I think that shows that limitation periods are not just abstract, arcane concepts to delight and fascinate lawyers; they matter to ordinary people in the real world. Limitation periods can mean the difference in any case between recovering damages for having suffered a legal wrong or not recovering damages.
The Attorney-General, on his introduction of the bill, said that the previous Minister of Justice, Mrs King, during her term in office, should have been concentrating on introducing legislation to repeal the partial defence of provocation and should have been progressing this legislation rather than preoccupying herself, as he said, with the Electoral Finance Bill. Let us set the record straight, first on provocation. We might as well have the truth, the whole truth, and nothing but the truth before the House.
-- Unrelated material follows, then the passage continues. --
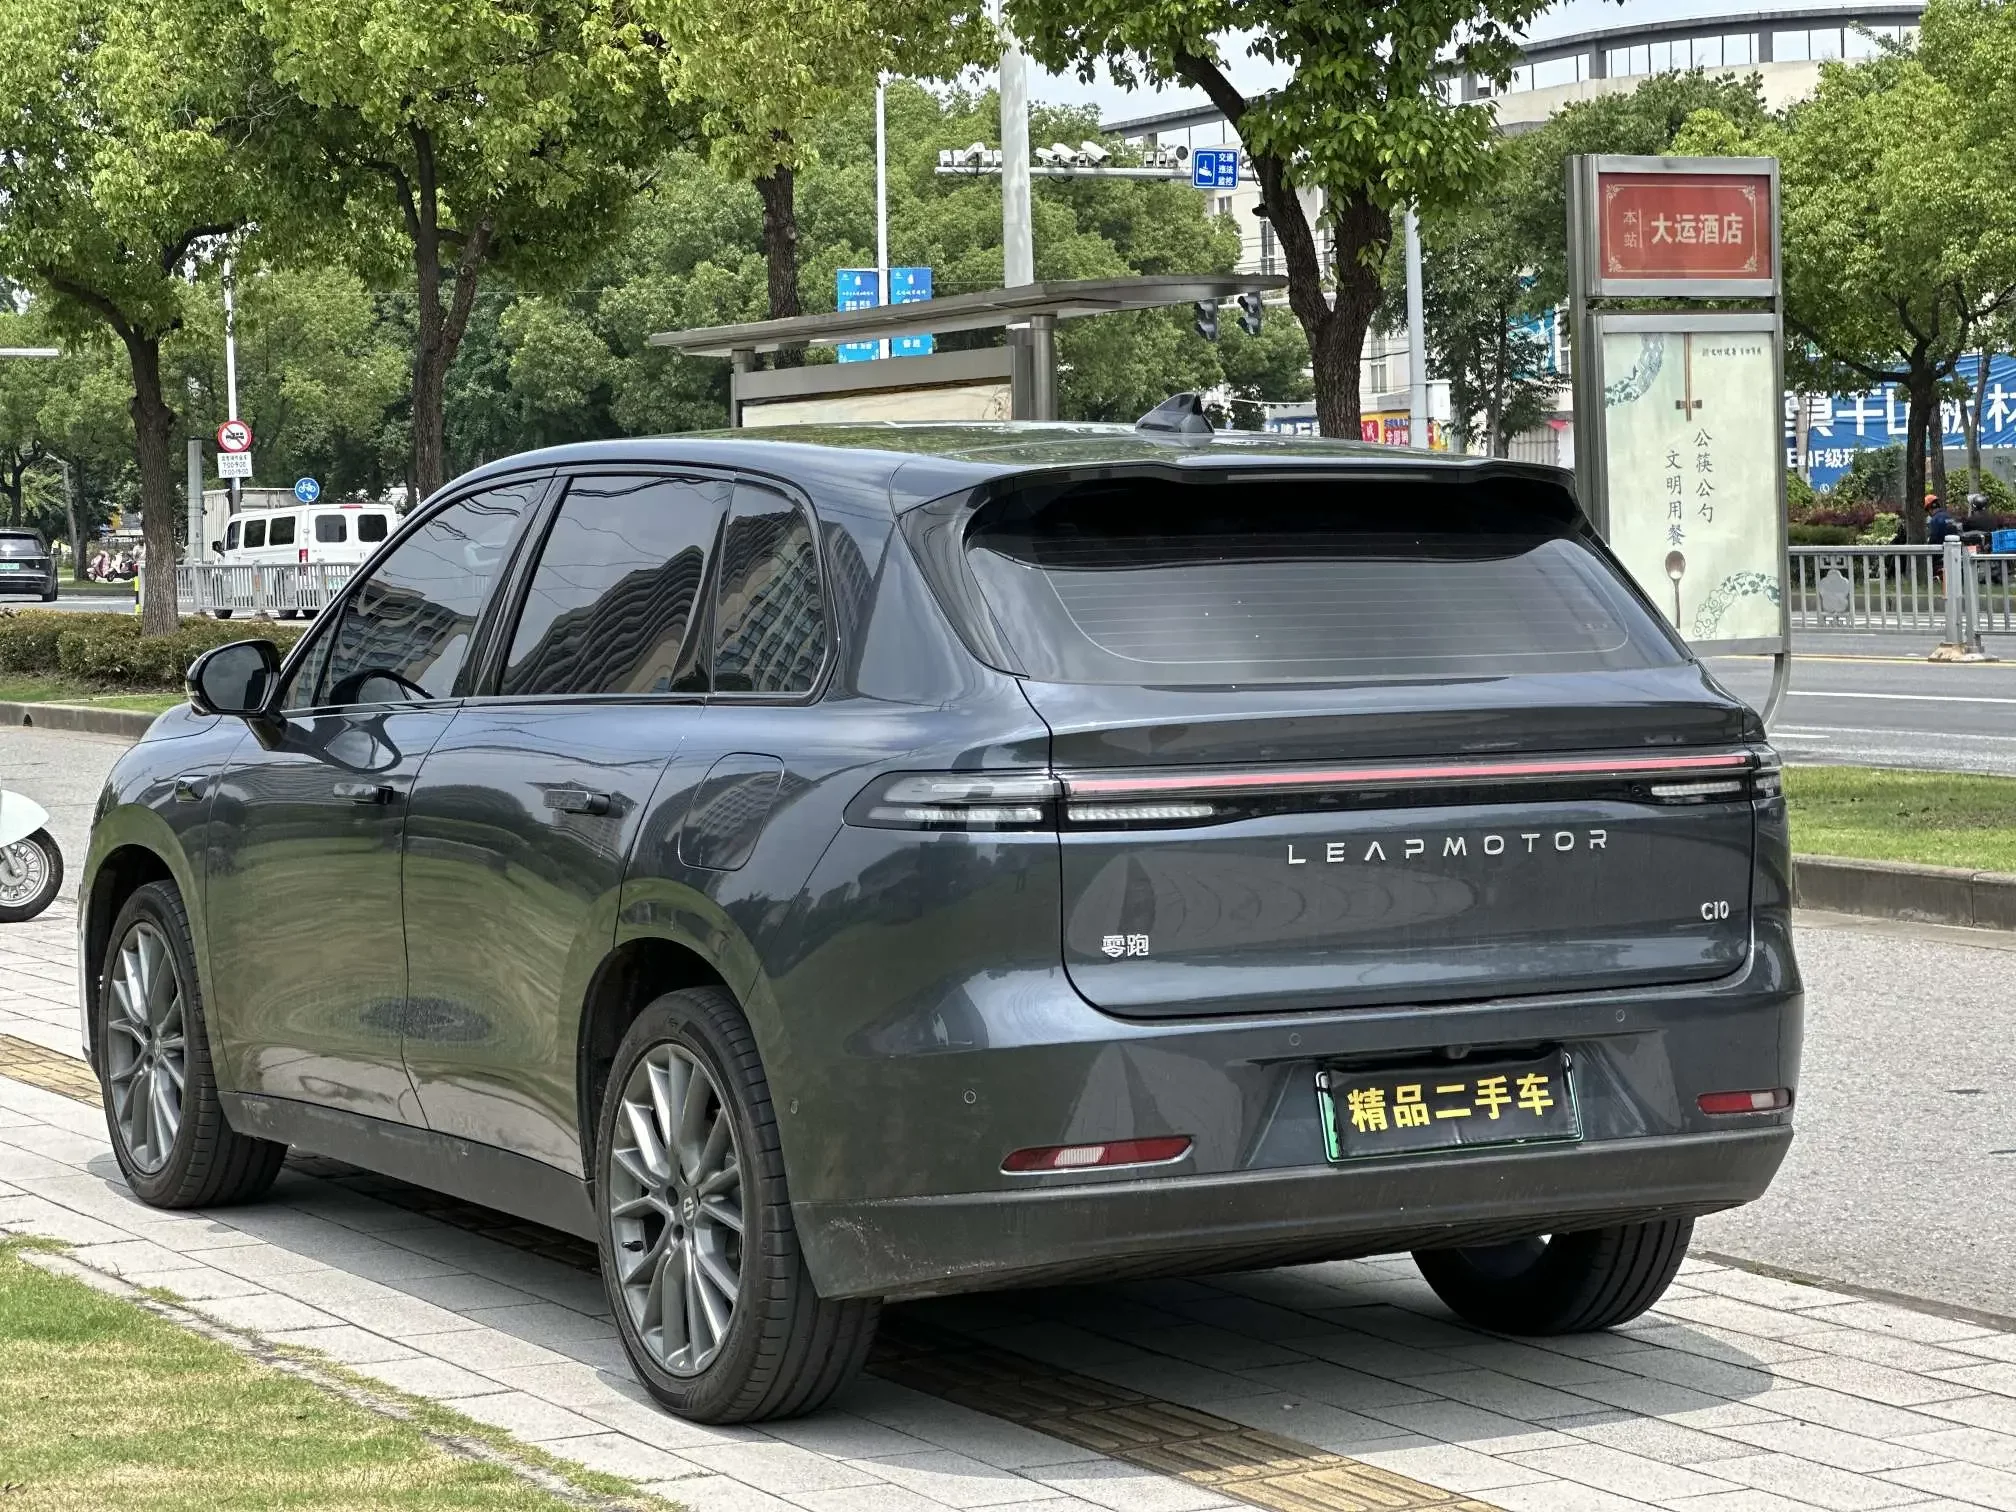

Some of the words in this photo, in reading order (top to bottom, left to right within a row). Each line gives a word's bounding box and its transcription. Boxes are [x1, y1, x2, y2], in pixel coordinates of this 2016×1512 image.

That is right; new members might want to know this. In fact, anybody who has not read the Law Commission’s report on provocation might want to know the truth of the matter here. The Law Commission said two things. First, it said that the partial defence of provocation should go because it is archaic, outdated, and a relic of a former time. In fact, it dates to the time when we had the death penalty, and was a way for juries to avoid bestowing the ultimate punishment on somebody if he or she had lashed out in the moment, rather than having engaged in a premeditated crime. The defence of provocation is a product of its time. It has not really had any relevance to New Zealand since the 1960s. The Law Commission said it should go, but it said at the same time that there should be some recognition in the law of New Zealand that there is a difference between lashing out in the moment and premeditating a cold, calculated crime of violence, like murder. The Law Commission’s recommendation was that the Sentencing Council should be asked to produce a sentencing guideline to guide the judges as to the difference and how their practice should differ in dealing with the different types of offence.
It is a matter of record that the Sentencing Council was still being established late last year. It did not have time to prepare any sentencing guidelines. One of the first things the incoming Government did was abolish the council. So it has not been possible—it certainly was not possible for the previous Minister of Justice—to implement the Law Commission’s report. As the House knows, I am delighted to see Simon Power tabling legislation today that will do part of what the Law Commission said should happen. I am delighted that it is in identical terms to the bill I drafted for our justice spokesperson, Lianne Dalziel. But we should recognise that there was another aspect to the Law Commission’s report, and that—and that alone—is the only reason why the outgoing Government did not act to put its recommendations in place.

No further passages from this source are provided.